A fishing guide, Alex thought. He heard the conversation end, held his breath, glued to the floor, waiting for Helen and this Gooch to turn into the beer-and-wine section and see him. Ten seconds. He risked a glance around the corner. They had moved past the baked goods, Helen holding a big bag of bagels, moving off into the milk and dairy, sticking close to Gooch, turning to smile up at him. He knew the line of her jaw, the slant of her smile. Her.
What to do? Suddenly the huge grocery store felt cramped as a cell. He moved past the registers, out into the lot. He hurried back to his car, scrambled inside.
How? Think it through. Someone made a connection to Helen Dupuy and brought her to Port Leo, how, who… Jimmy Bird. Jimmy had called him twice at that motel when he was in New Orleans, in his room, nervous about the several nights they planned to spend on Patch’s land, searching with the metal detectors to find the buried cache. Giving him the motel number in New Orleans was a mistake. Jimmy dead, his phone records must have been searched for some reason. Found the calls to his room at the Bayou Mee. Why would a fishing guide bring Helen to Port Leo?

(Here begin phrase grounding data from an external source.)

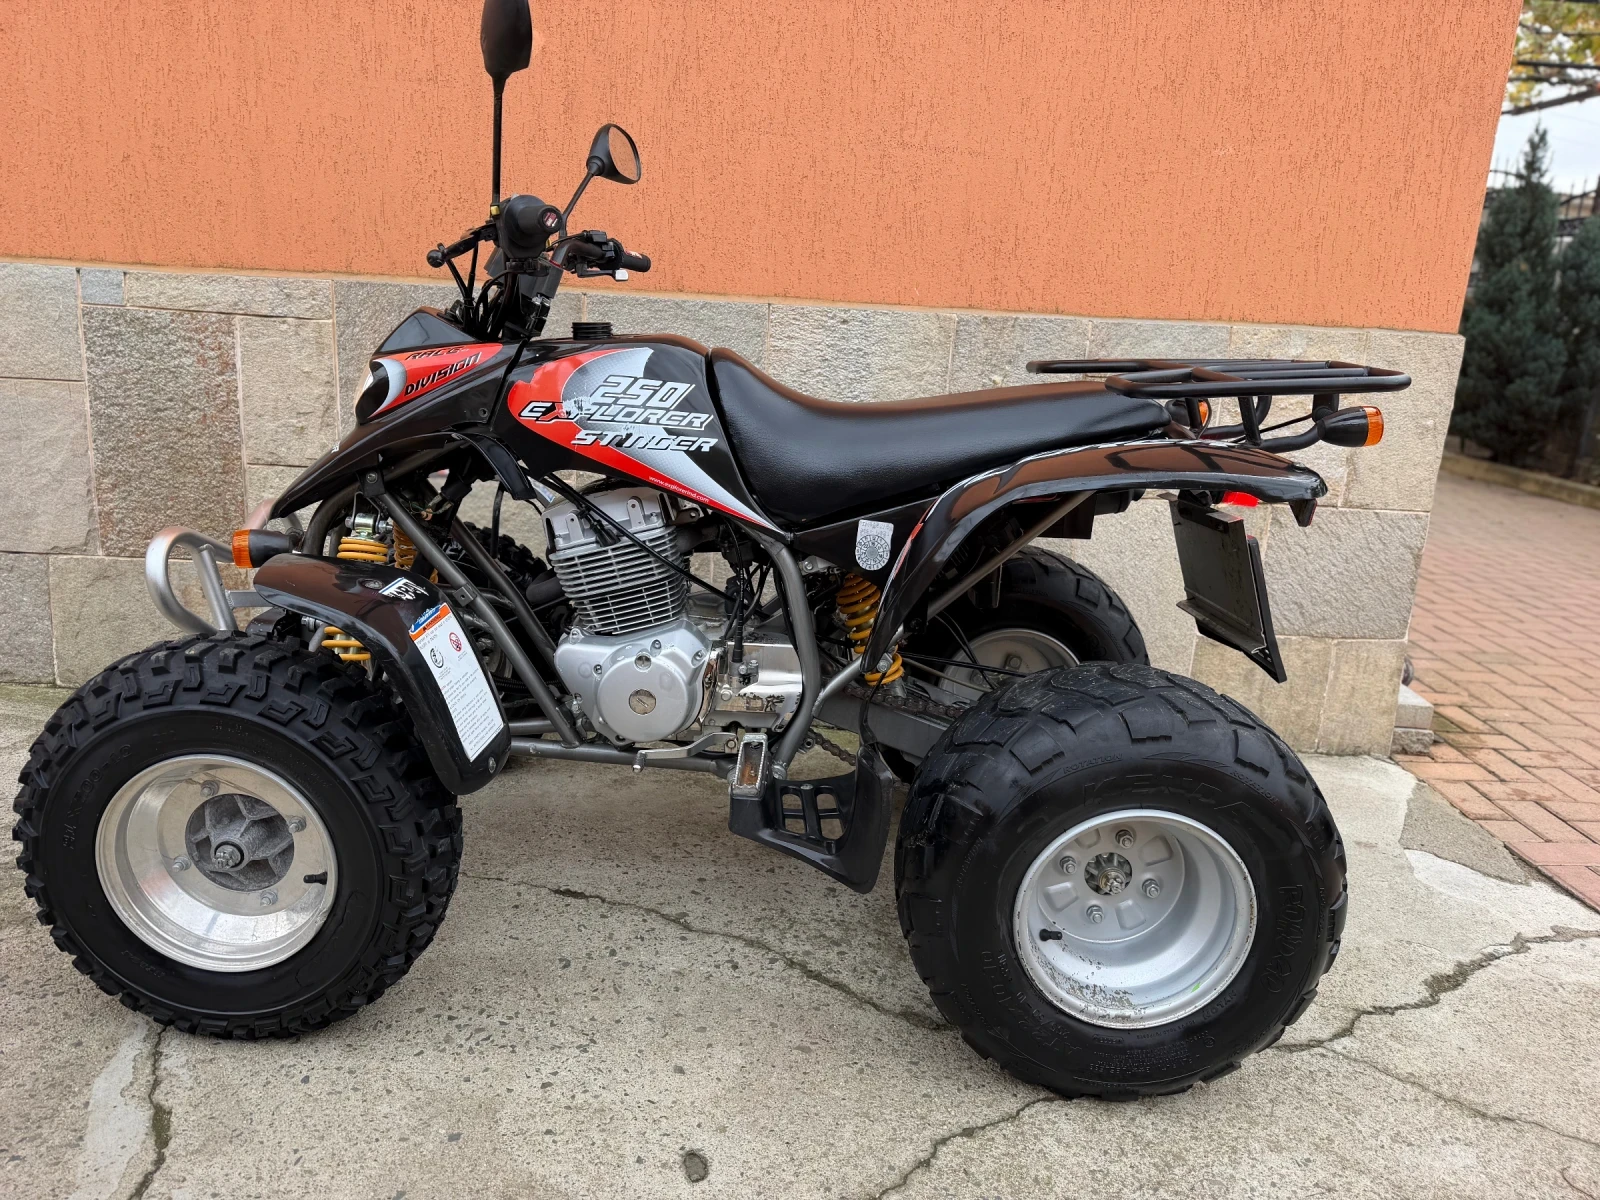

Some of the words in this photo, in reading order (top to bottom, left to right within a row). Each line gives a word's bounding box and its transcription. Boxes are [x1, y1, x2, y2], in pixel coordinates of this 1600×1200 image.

[404, 352, 482, 396] DIVISION
[590, 375, 695, 409] 250
[648, 475, 710, 503] www.explorerind.com
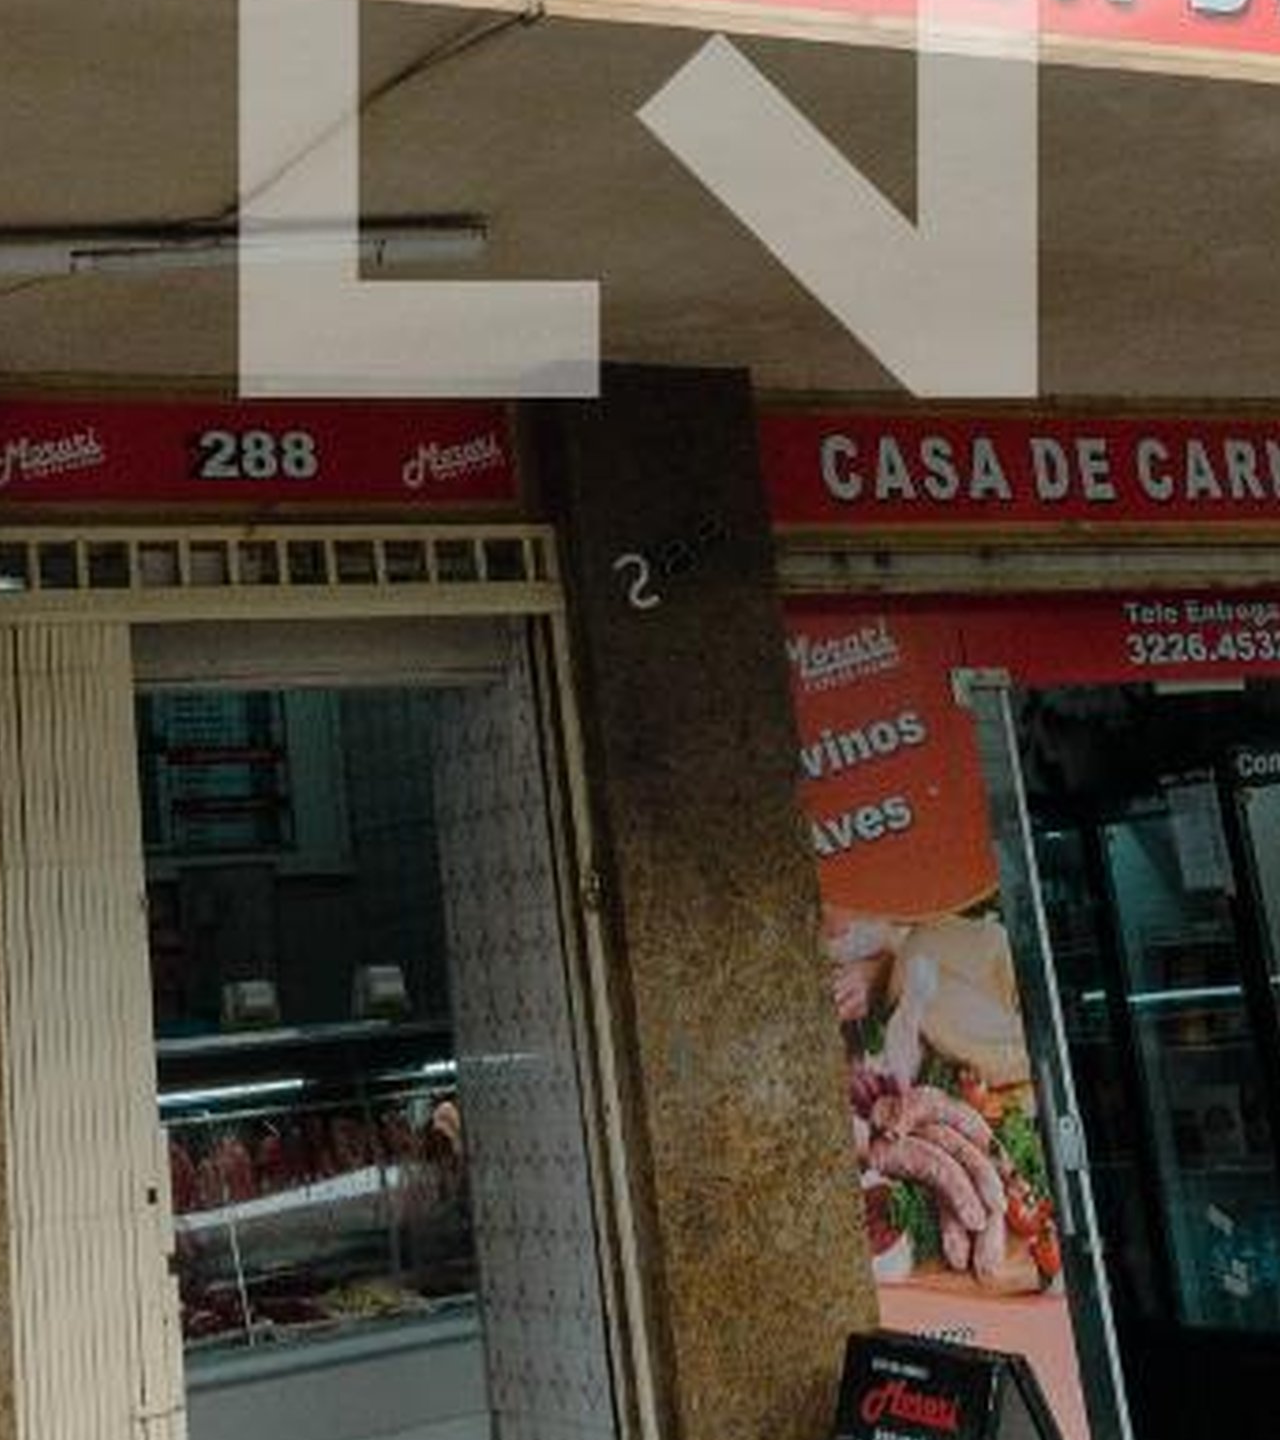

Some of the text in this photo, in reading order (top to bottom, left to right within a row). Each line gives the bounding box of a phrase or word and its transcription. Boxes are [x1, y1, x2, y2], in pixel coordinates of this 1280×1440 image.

[199, 430, 318, 479] 288
[821, 434, 1012, 501] CASA
[1030, 438, 1117, 501] DE
[1125, 602, 1179, 623] Tele
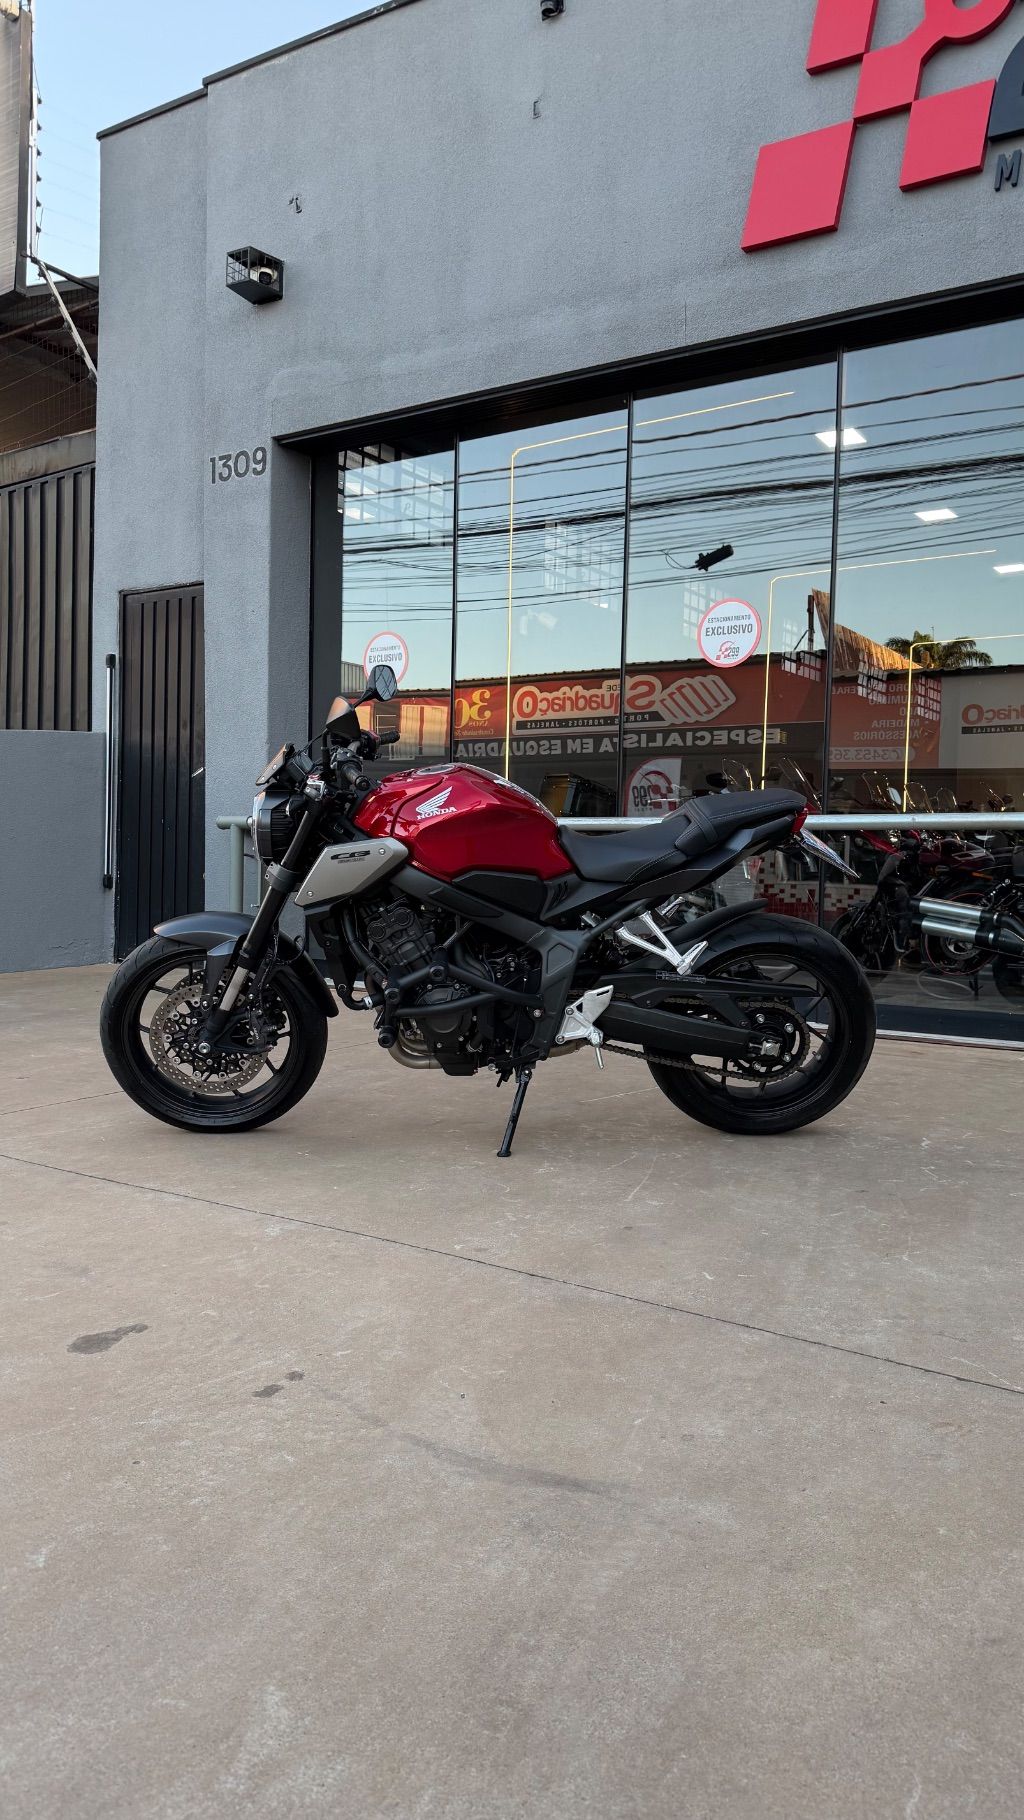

He fumbled for his cell phone, dialed Stoney at the fishing cottage. ‘There’s a whore I met in New Orleans here. At the freaking grocery, Stoney.’
‘So?’
‘So I met her when I was taking care of Danny, you dumb shit. She knows what I look like.’
‘Get rid of her.’
‘She’s got a six-six musclebound bodyguard with her. I think he’s a local fishing guide.’
‘You must’ve made a mistake.’
‘She blew me nine times in four days,’ Alex said. ‘I know what she looks like, man.’
‘What exactly do you want me to do about it, Alex?’
‘Don’t take that tone with me, asshole.’
‘I got my own problems. They have got my picture all over the news this morning. Christ, what Ben must think of me.’